Cottarelli apre la plenaria di Industry Chain Circle 2026

La giornata inaugurale di Industry Chain Circle 2026 si è aperta con l’intervento dell’economista Carlo Cottarelli, che ha offerto ai partecipanti una lettura dello scenario macroeconomico internazionale in una fase segnata da nuove tensioni geopolitiche e da forti incertezze sui mercati energetici.

Partendo dai dati più recenti, Cottarelli ha ricordato come, prima delle ultime tensioni internazionali, l’economia mondiale si muovesse su un percorso relativamente stabile. Secondo le previsioni del Fondo Monetario Internazionale, nel 2026 il PIL globale dovrebbe crescere intorno al 3,2%, un valore che rappresenta sostanzialmente la velocità “normale” di espansione dell’economia mondiale negli ultimi cinquant’anni.

All’interno di questo quadro continuano a distinguersi i Paesi emergenti. L’India cresce intorno al 6,5%, mentre la Cina mantiene un ritmo vicino al 5%, nonostante le difficoltà interne legate alla crisi del settore immobiliare e alla debolezza della domanda domestica.

Tra le economie avanzate la crescita resta più contenuta.

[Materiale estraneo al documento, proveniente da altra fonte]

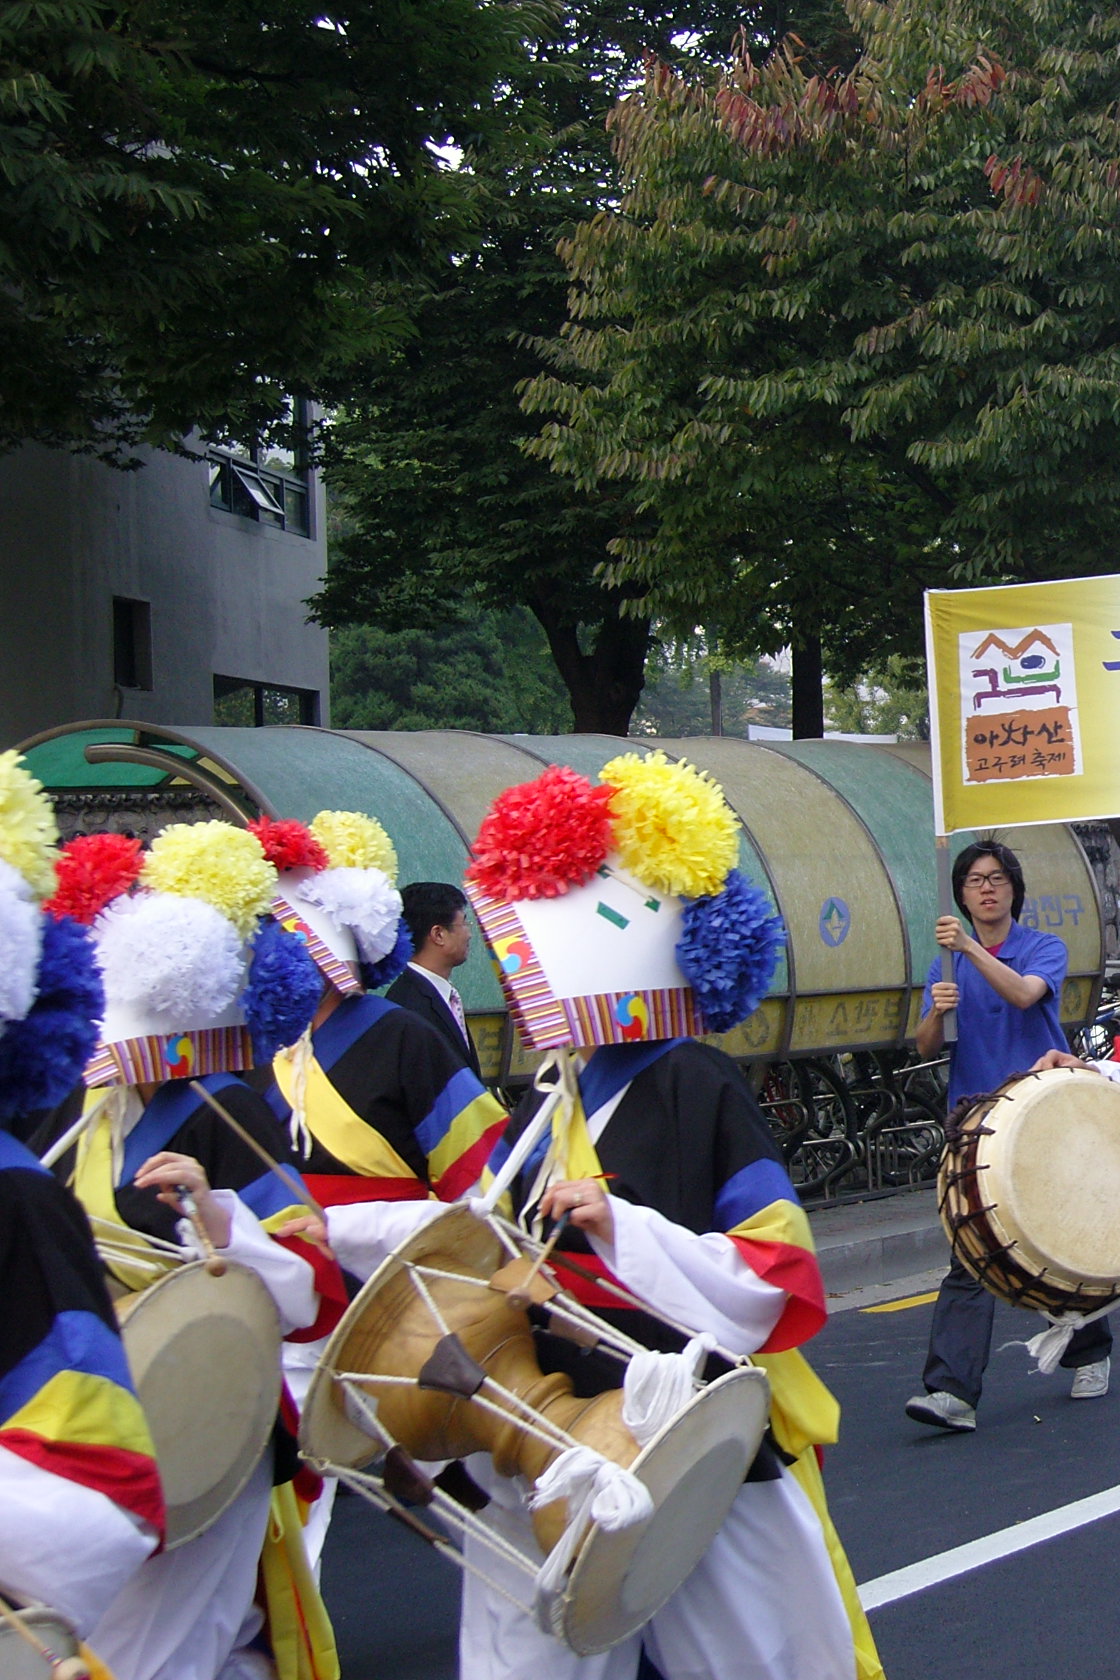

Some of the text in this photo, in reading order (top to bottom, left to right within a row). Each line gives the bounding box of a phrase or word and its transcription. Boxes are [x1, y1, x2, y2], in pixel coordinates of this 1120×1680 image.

Gli Stati Uniti hanno chiuso il 2025 con un aumento del PIL del 2,2%, mentre l’Europa si colloca attorno all’1,4%.

Per l’Italia il quadro è più complesso. Dopo il forte rimbalzo post-pandemico registrato tra il 2020 e il 2022, l’economia è tornata a crescere lentamente: +1% nel 2023, +0,7% nel 2024 e +0,5% nel 2025. Per l’anno in corso le previsioni indicano una crescita dello 0,7%.

Il confronto con altri Paesi del Sud Europa evidenzia però un divario significativo. Spagna, Grecia e Portogallo stanno registrando tassi di crescita compresi tra il 2% e il 3%, recuperando terreno rispetto alla media europea.

Nel suo intervento Cottarelli ha inoltre analizzato gli effetti che eventuali shock energetici potrebbero avere sull’economia europea. Un aumento del prezzo degli idrocarburi potrebbe spingere temporaneamente l’inflazione fino al 3%, rispetto a livelli precedenti attorno all’1,5%, generando una pressione recessiva.

In questo contesto il ruolo delle politiche economiche diventa centrale. Secondo l’economista, la Banca Centrale Europea potrebbe non reagire immediatamente con un aumento dei tassi, trattandosi principalmente di uno shock di offerta legato all’energia.

Anche la politica fiscale potrebbe giocare un ruolo nel sostenere l’economia, sebbene con margini più limitati rispetto al passato. Nel 2022, ad esempio, l’Italia aveva registrato un deficit pubblico pari all’8% del PIL, che aveva consentito interventi di sostegno molto più ampi rispetto alla situazione attuale.

Guardando oltre le turbolenze geopolitiche, Cottarelli ha infine indicato quella che resta la sfida principale per l’Italia: rafforzare la crescita strutturale del sistema economico. Tra i nodi da affrontare figurano una pressione fiscale che ha raggiunto il 43,1%, la complessità burocratica e la lentezza della giustizia, fattori che rendono il Paese meno attrattivo per gli investimenti rispetto ad altri partner europei.

L’intervento ha offerto ai partecipanti di Industry Chain Circle una chiave di lettura ampia dello scenario economico in cui si muovono oggi imprese e filiere del foodservice, confermando il valore delle plenarie dell’evento come momento di analisi e confronto sui grandi trend che influenzano il mercato.